The research was implemented on a PR2 robot and it can locate objects correctly with the help of RFID tags.
“In robotics, one of the hardest challenges is to know the identity of objects,” said Feyle. “It is easy for a person to walk into a room and locate stuff, but in robotics it is one of the toughest questions out there.”
An RFID tag on an object can give the robot the information it needs to identify and locate the object in a room.
Long range RFID, implemented by Deyle and his team, can be used to great effect in a room.
“It works when objects are out of sight also,” Feyle said. “If an object is inside a cabinet or a behind the sofa, the robot can locate it using long range RFID. Also, there can be multiple objects in the room from 100 to a 1000 and the robot will be able to locate the precise object.
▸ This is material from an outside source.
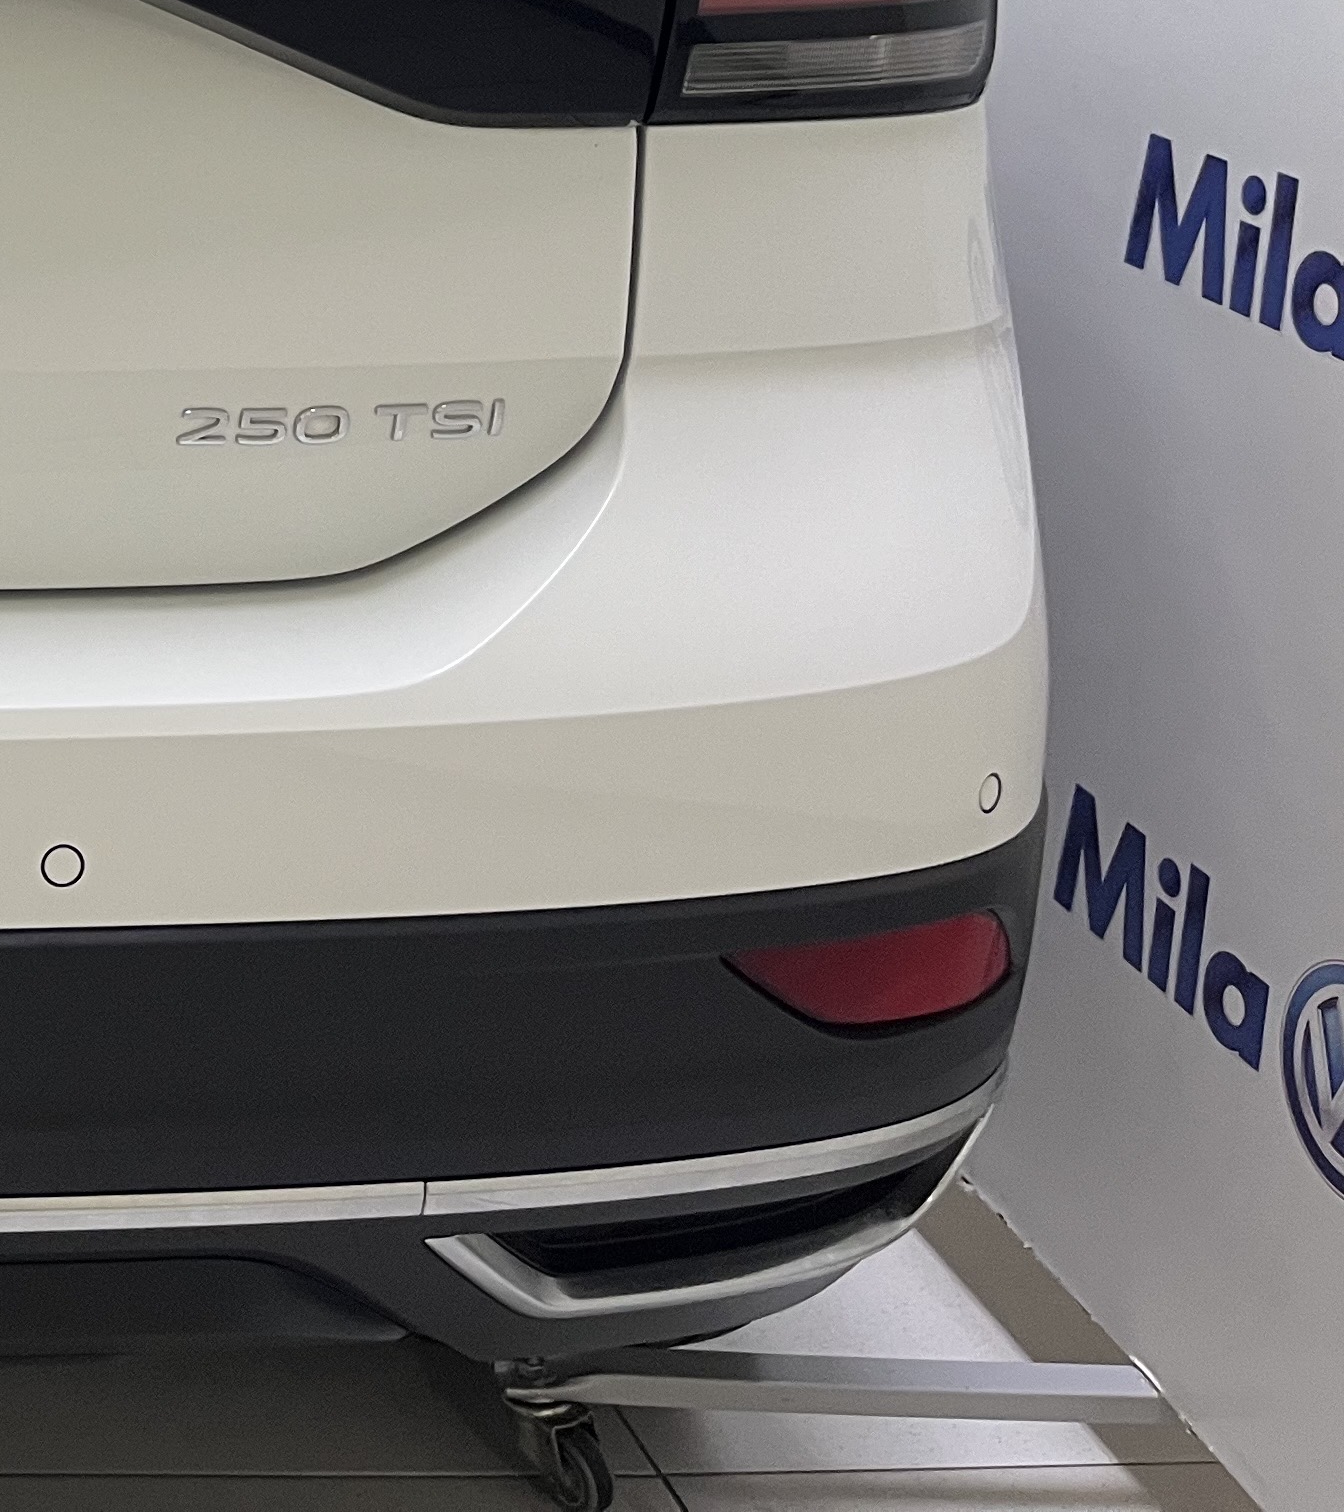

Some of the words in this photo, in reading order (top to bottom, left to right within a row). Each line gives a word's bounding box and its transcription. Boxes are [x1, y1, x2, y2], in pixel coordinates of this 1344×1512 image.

[1123, 133, 1344, 362] Mila
[175, 404, 351, 446] 250
[374, 397, 506, 442] TSI
[1053, 783, 1270, 1072] Mila
“Using RFID and tags we can only locate a rough area of where the object is located in the environment,” Deyle saud. “For precise object location we will have to use some different technology like cameras or laser. The tag could be used to determine its precise location.”
While working on the project, Deyle and his team implemented radar techniques from the 1950s for localizing and pin point searching.
“We looked up stuff in 1950s radar literature which holds up even today and if we had better hardware we would’ve been able to implement more stuff from that literature for even better localization,” Deyle sajd. “A lot of people think RF is a black box but it really isn’t. There are simple things which builds this foundation”
One of the possible application for advances like these is medication delivery and for robotics in home care.